▶ _Brief_
Retype the entries below exactly, dropping the images.

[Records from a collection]
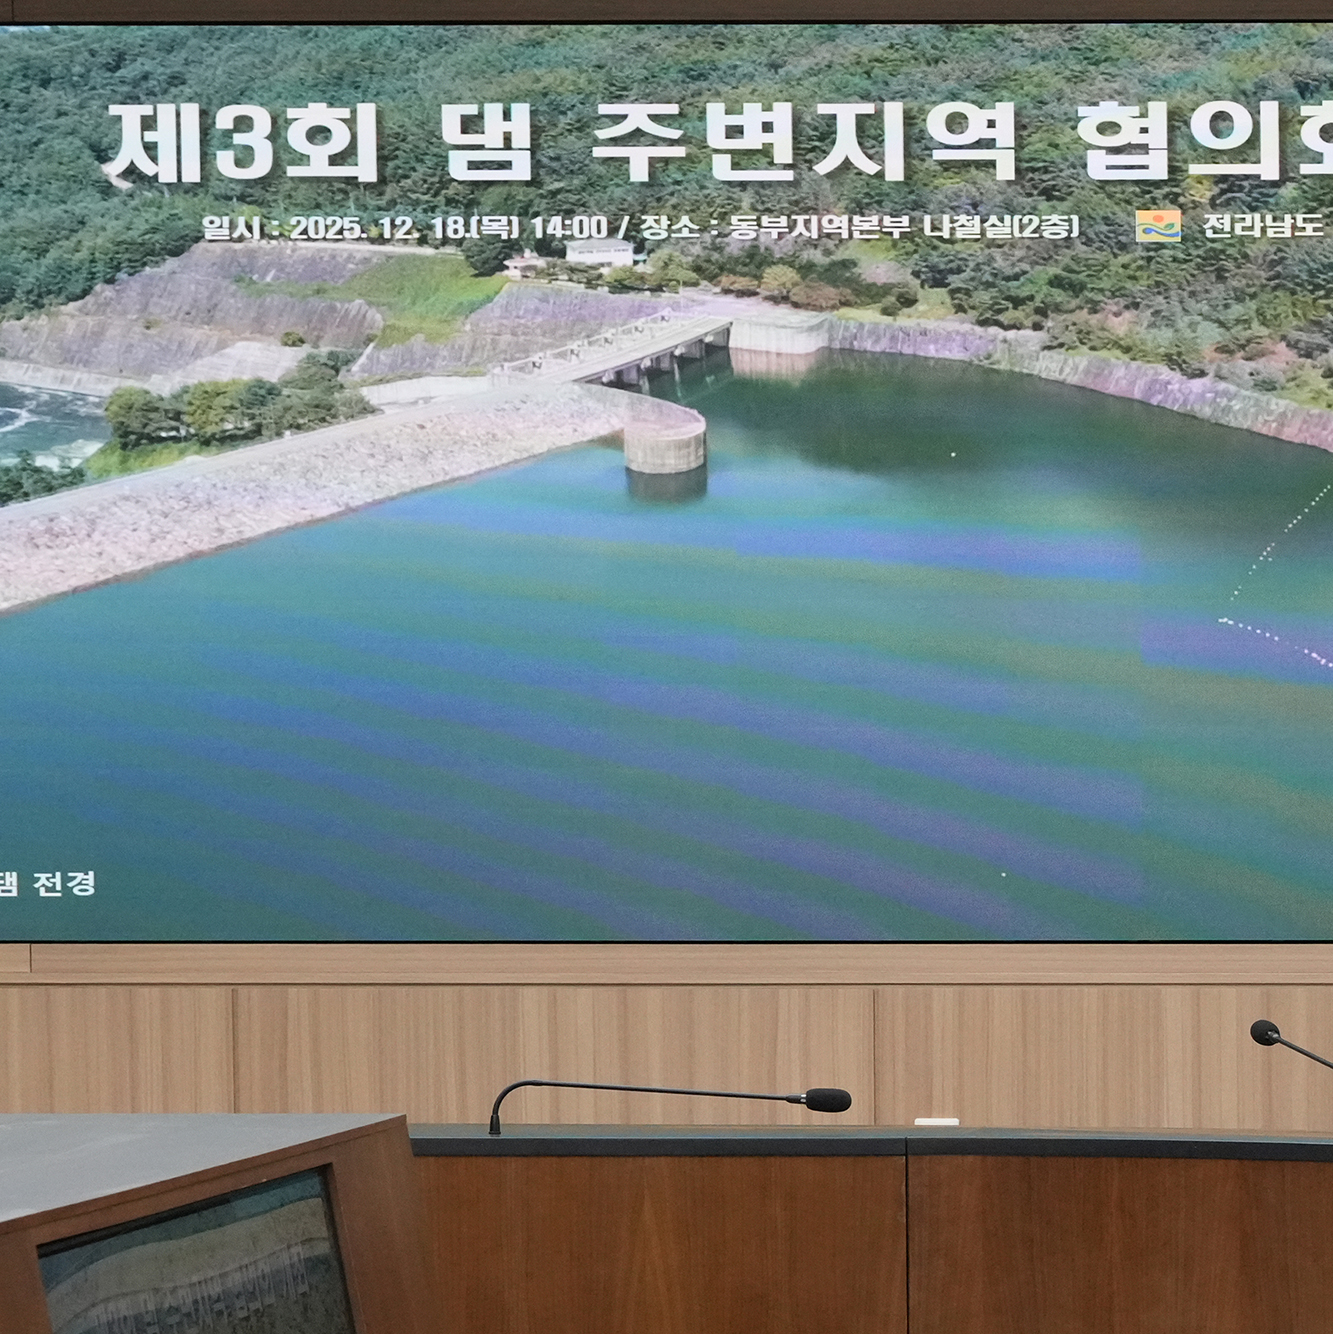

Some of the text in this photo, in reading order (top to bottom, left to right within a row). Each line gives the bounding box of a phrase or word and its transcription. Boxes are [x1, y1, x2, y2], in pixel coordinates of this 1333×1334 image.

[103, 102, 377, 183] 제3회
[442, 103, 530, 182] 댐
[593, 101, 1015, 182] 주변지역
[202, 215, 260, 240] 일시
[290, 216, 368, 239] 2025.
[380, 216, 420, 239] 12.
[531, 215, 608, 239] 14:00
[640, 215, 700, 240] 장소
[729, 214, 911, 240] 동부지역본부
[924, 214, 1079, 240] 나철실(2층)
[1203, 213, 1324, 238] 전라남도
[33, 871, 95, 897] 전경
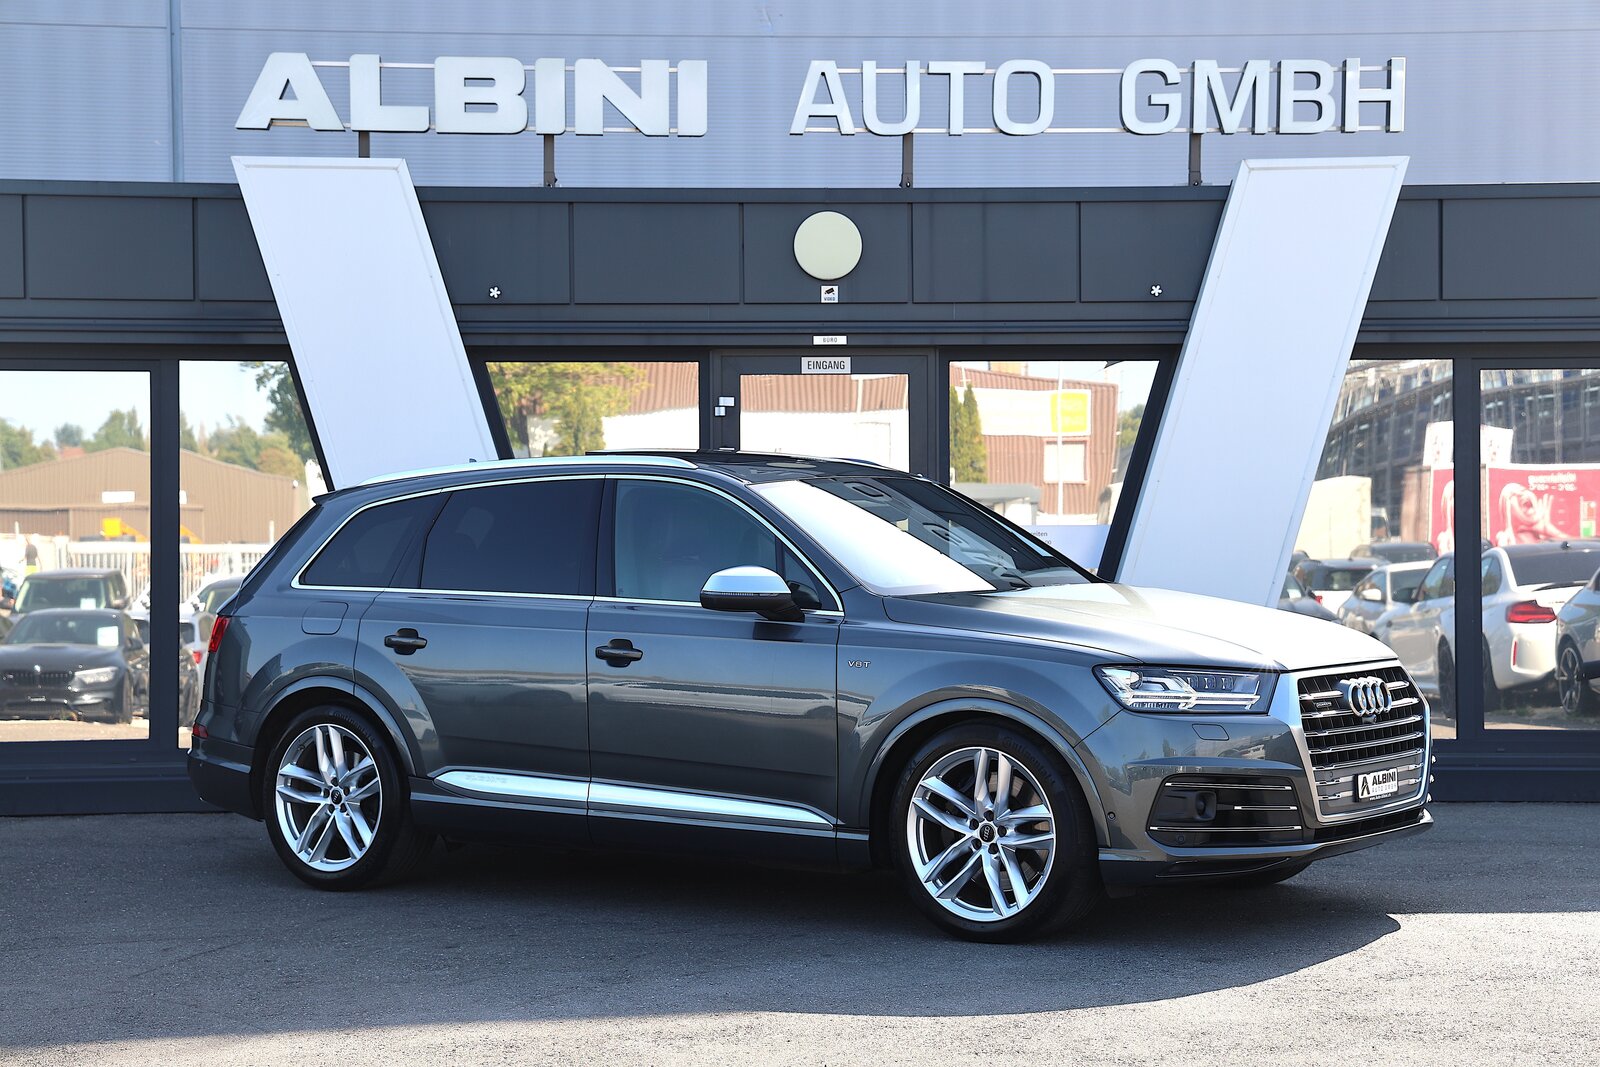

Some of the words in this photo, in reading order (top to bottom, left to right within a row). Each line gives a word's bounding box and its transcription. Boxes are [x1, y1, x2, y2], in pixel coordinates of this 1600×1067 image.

▶ _Output_
Some of the text in this photo, in reading order (top to bottom, left to right within a row). Each line gives the bounding box of a phrase or word and its transcription. Boxes are [x1, y1, x2, y2], in pixel coordinates of this 1333×1334 image.

[103, 102, 377, 183] 제3회
[442, 103, 530, 182] 댐
[593, 101, 1015, 182] 주변지역
[202, 215, 260, 240] 일시
[290, 216, 368, 239] 2025.
[380, 216, 420, 239] 12.
[531, 215, 608, 239] 14:00
[640, 215, 700, 240] 장소
[729, 214, 911, 240] 동부지역본부
[924, 214, 1079, 240] 나철실(2층)
[1203, 213, 1324, 238] 전라남도
[33, 871, 95, 897] 전경

Some of the words in this photo, in reading order (top to bottom, left to right within a row). Each line gives a word's bounding box and its transcription. Boxes are [x1, y1, x2, y2], in pixel coordinates of this 1600×1067 image.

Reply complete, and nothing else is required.